## Exercise description
Transcribe only the lines of the listing below from the one holding "Some of the words" through the one holding "this 1400×1400 image.", inclusive, without any change.
--- Information supplied ---
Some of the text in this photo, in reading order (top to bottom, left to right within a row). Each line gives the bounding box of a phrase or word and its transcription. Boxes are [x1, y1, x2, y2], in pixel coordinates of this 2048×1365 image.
---
--- Information supplied ---
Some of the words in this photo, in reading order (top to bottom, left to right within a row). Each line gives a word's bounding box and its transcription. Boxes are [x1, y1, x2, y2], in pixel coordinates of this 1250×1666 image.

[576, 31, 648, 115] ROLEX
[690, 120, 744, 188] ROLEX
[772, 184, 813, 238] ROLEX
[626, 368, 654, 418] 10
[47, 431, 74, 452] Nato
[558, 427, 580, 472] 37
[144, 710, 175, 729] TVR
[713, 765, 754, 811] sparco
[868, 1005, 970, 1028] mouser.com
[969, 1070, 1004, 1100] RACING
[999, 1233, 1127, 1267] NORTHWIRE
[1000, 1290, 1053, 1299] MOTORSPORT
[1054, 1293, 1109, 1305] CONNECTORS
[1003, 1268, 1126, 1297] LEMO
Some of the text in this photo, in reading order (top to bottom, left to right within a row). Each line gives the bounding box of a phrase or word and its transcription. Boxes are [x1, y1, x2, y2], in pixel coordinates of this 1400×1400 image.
---
--- Information supplied ---
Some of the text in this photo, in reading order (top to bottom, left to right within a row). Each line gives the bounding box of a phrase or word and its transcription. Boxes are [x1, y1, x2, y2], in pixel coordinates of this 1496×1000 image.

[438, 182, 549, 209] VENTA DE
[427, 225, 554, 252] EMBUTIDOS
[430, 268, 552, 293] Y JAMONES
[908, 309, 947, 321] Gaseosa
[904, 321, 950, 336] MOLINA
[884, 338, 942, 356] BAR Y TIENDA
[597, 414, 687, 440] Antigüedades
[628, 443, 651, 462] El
---
## Solution for this exercise
Some of the words in this photo, in reading order (top to bottom, left to right within a row). Each line gives a word's bounding box and its transcription. Boxes are [x1, y1, x2, y2], in pixel coordinates of this 1250×1666 image.

[576, 31, 648, 115] ROLEX
[690, 120, 744, 188] ROLEX
[772, 184, 813, 238] ROLEX
[626, 368, 654, 418] 10
[47, 431, 74, 452] Nato
[558, 427, 580, 472] 37
[144, 710, 175, 729] TVR
[713, 765, 754, 811] sparco
[868, 1005, 970, 1028] mouser.com
[969, 1070, 1004, 1100] RACING
[999, 1233, 1127, 1267] NORTHWIRE
[1000, 1290, 1053, 1299] MOTORSPORT
[1054, 1293, 1109, 1305] CONNECTORS
[1003, 1268, 1126, 1297] LEMO
Some of the text in this photo, in reading order (top to bottom, left to right within a row). Each line gives the bounding box of a phrase or word and its transcription. Boxes are [x1, y1, x2, y2], in pixel coordinates of this 1400×1400 image.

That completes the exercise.